Parallel Session 2: Politics of Information

Abstracts

‘Speculative Realism As Symptom: Computationalist Ideologies’
David Golumbia (English, Virginia Commonwealth University)

The theoretical movement called by its adherents Speculative Realism has at its center a 2008 volume by Quentin Meillassoux called After Finitude. This book is said by some to have provided a devastating critique of ‘correlationism’, a term for a philosophical error that Meillassoux says characterizes ‘modern philosophy since Kant’. This judgment plays a role in justifying a self-reinforcing lack of attention to theoretical and conceptual movements outside of Speculative Realism itself. With certain strategic exceptions (especially Heidegger, in the works of Graham Harman), this practice is widespread. In keeping with this strategy, After Finitude’s direct attack on Kant avoids all direct reading of Kant’s texts. The failure to read Kant is symptomatic of After Finitude, which fails to read much if any of the modern philosophy or poststructuralist theory with which it takes frequent issue and which the critique of correlationism is said to render irrelevant. Despite his invocation of ‘contemporary science’ as justification for his methods, for example, Meillassoux fails to discuss any science that might bear on his questions (and much does, with important consequences). However, his reliance on ‘digitization’ as a criterion for a kind of ‘absoluteness’ meshes with the thinking of computational enthusiasts, and helps to expose some of the deep commitments of computationalist ideologies. Perhaps most importantly, the overall orientation of the attack on Kant, along with the dismissal of but failure to engage with poststructuralism, makes more visible some of the reasons that a certain critical Kantianism has always been vital to poststructuralism, especially as practiced by Derrida and Spivak. It also helps us to understand why there is such avoidance today, in theory, in higher education, and in political discourse, of the critical Kantian currents in Enlightenment.

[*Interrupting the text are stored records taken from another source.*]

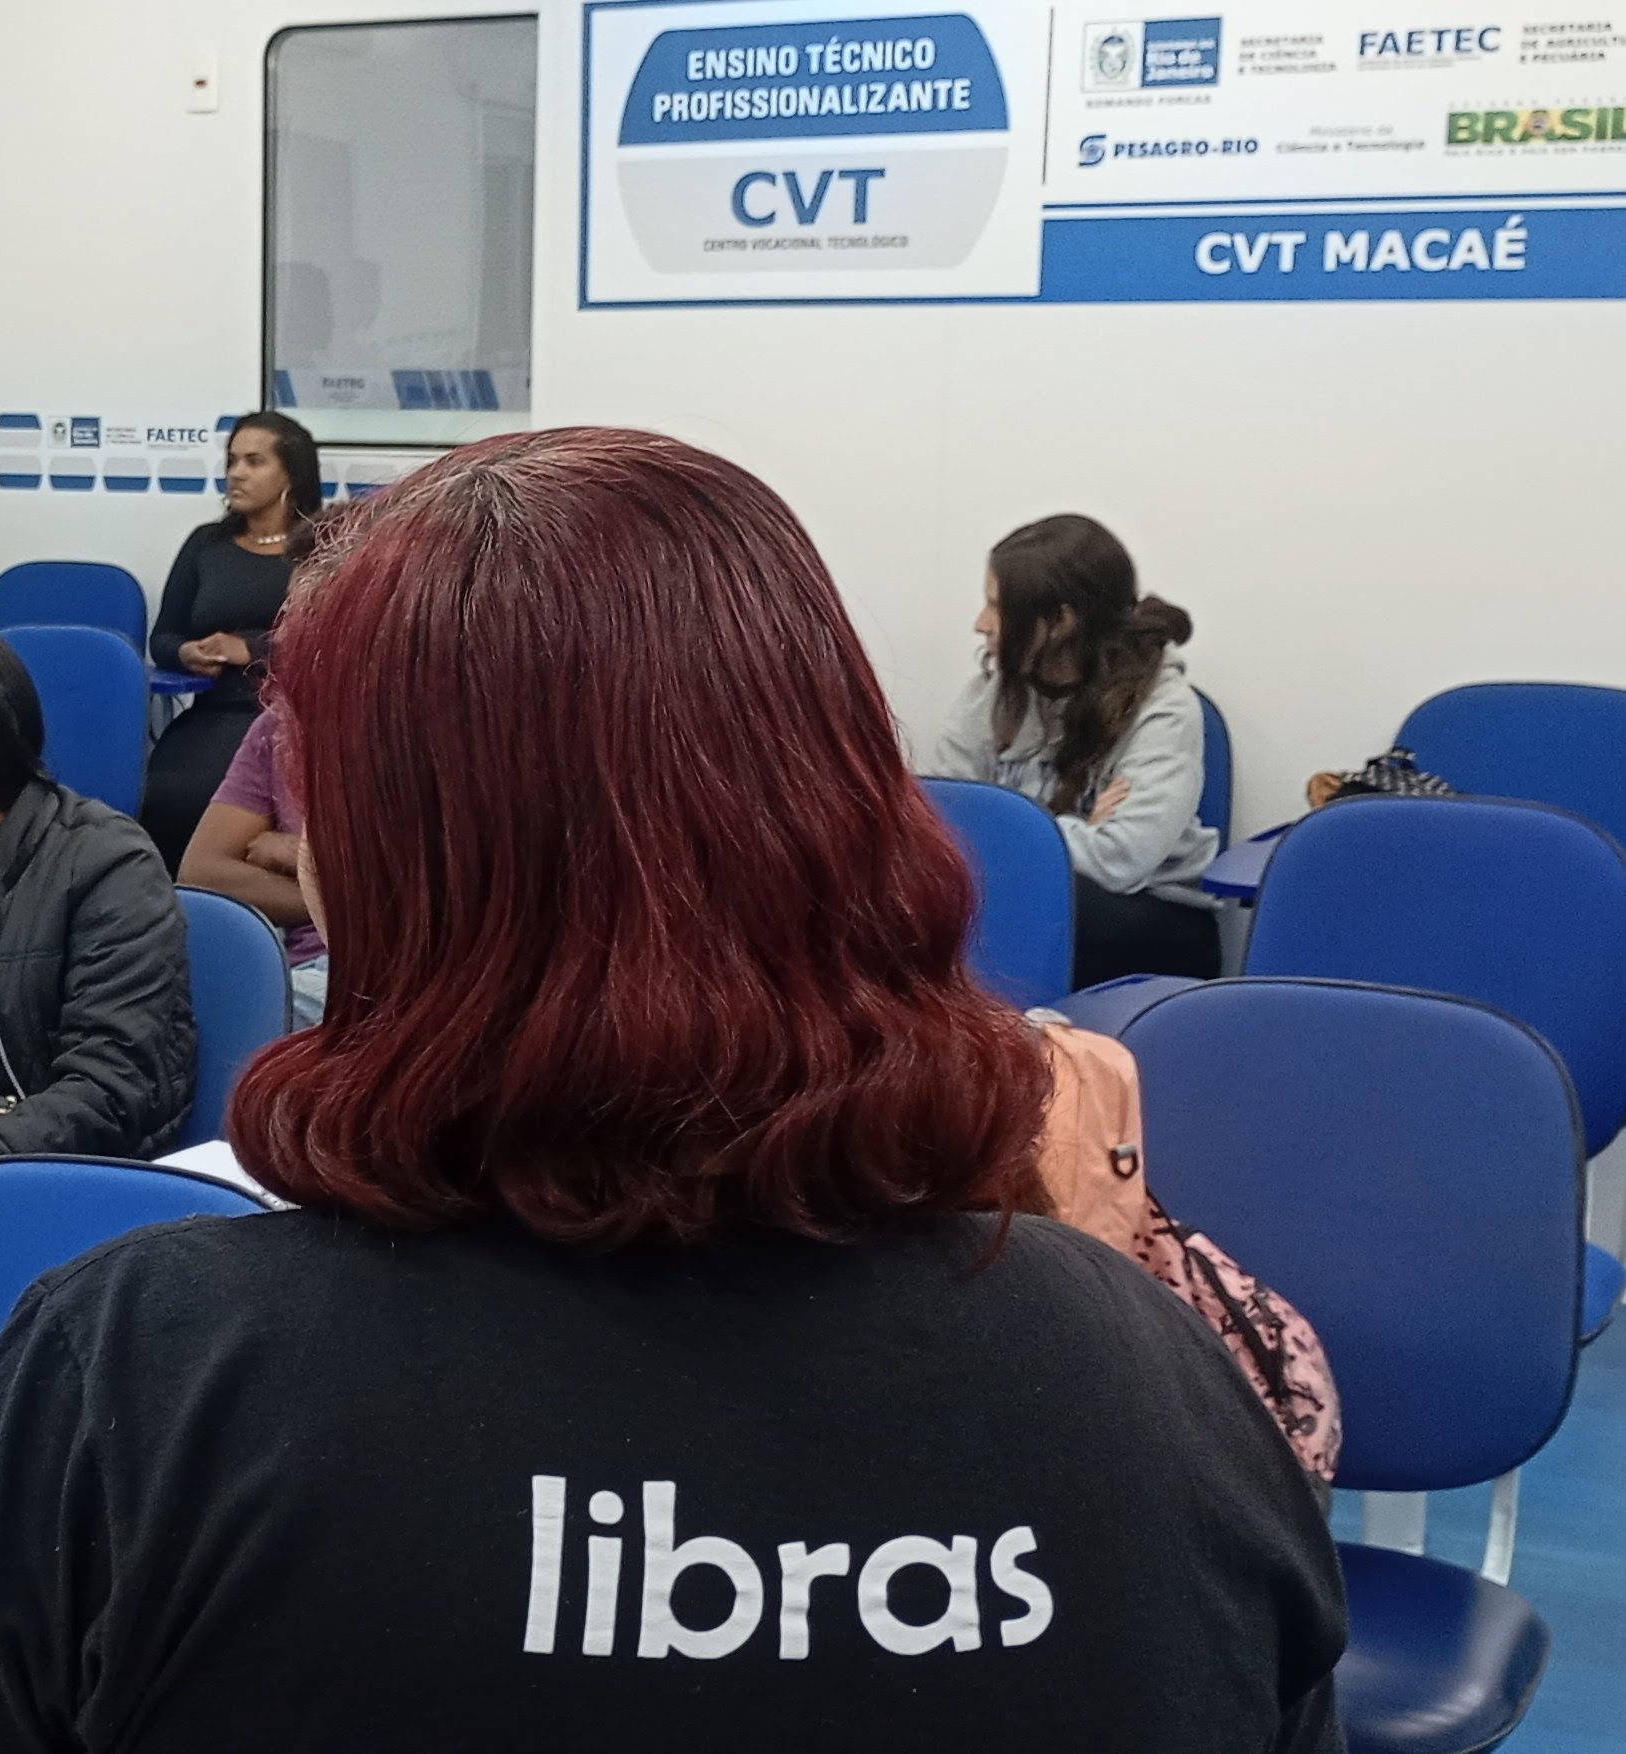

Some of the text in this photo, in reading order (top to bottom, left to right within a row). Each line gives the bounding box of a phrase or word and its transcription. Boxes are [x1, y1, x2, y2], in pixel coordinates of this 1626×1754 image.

[686, 36, 937, 81] ENSINO TÉCNICO
[1359, 26, 1501, 56] FAETEC
[652, 78, 972, 123] PROFISSIONALIZANTE
[730, 167, 886, 229] CVT
[1195, 214, 1529, 276] CVT MACAÉ
[146, 428, 209, 444] FAETEC
[523, 1474, 1054, 1660] libras
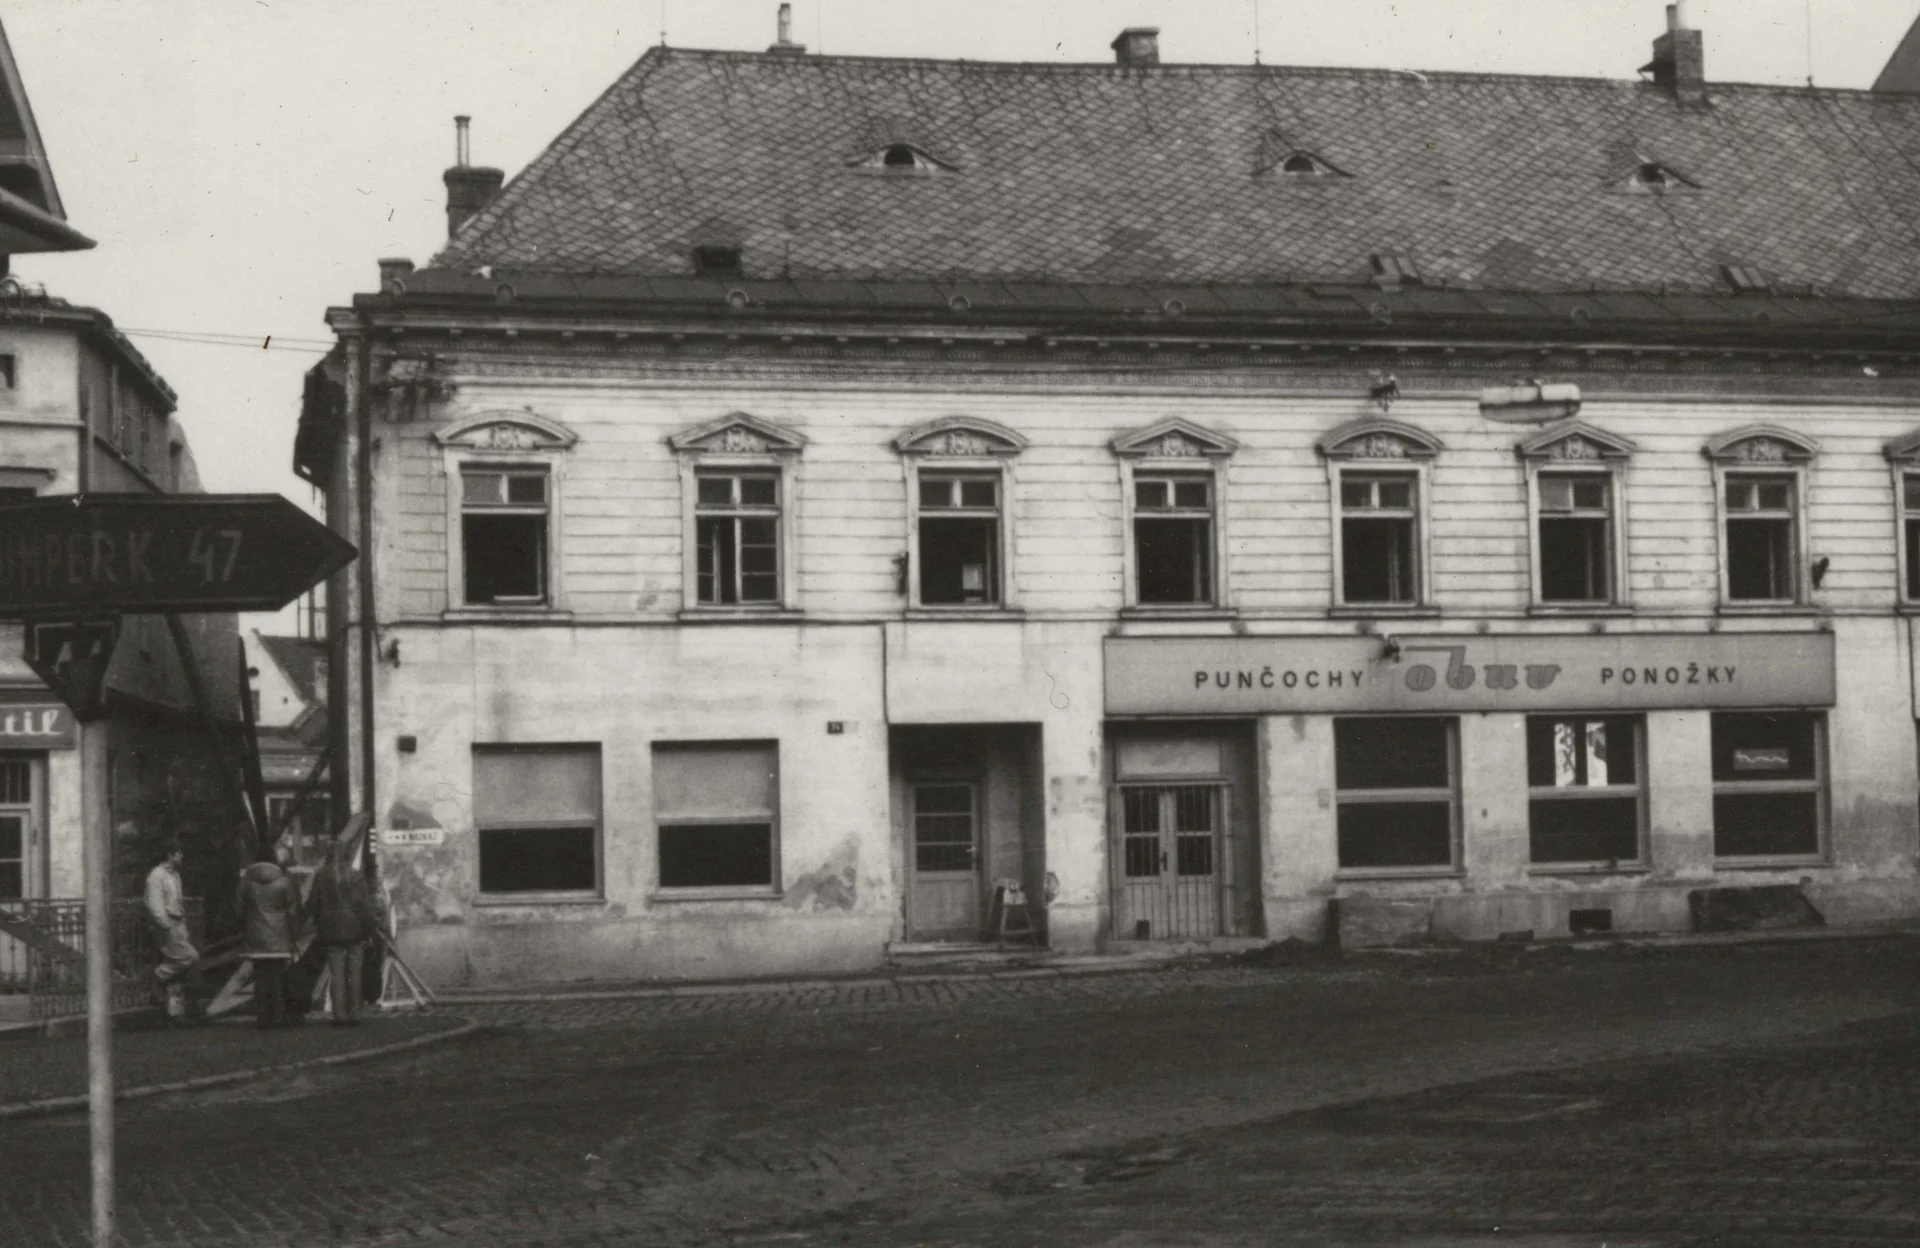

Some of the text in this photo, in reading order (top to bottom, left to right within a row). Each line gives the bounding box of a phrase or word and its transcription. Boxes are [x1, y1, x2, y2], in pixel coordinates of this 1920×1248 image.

‘Liquid Crystal Aesthetics’
Esther Leslie (RP/English, Birkbeck, University of London)

This paper considers animation as it combines with contemporary digital technologies in entertainment and scientific procedures. It focuses on the ways in which the liquid crystal screen comes to bear on that which is represented and argues that notions of liquidity and crystallization are present in various ways as form and content. From the first moment of its discovery, the liquid crystal has been annexed to concepts of animation in the sense of life in-putted or self-assembled (crystal life, crystal souls) and this does not subside as it is put to use in the service of display and the conjuration of form. What are the politics of liquid crystals? This question gains in resonance as the body becomes screen and container of the liquid crystal as deployed and conceived in the new sciences.

‘Civilizations Without Boats: Security, Property, Piracy and the Walled City’
Finn Brunton (School of Information, University of Michigan Ann Arbor)

Spurred by the extraordinary terms of the federal indictment of Aaron Swartz, this talk will argue that we are at a critical juncture, where models and infrastructure are being put into place that may be very difficult to avoid in the future, in which alliances are being formed between security systems and intellectual property and copyright regimes. To counteract this, and maintain open spaces in networked computing against monopolistic consolidation, precarious immaterial labor, and tyrannical political projects, we need something academics are uniquely placed to provide: a positive model of open, post-scarcity intellectual production and distribution. Drawing on projects from pirate radio and amateur telephone networks to the correspondence circles of the Invisible College and the utopian computational cities of the 1970s, I will present possible shapes to add to the project of new discourse online.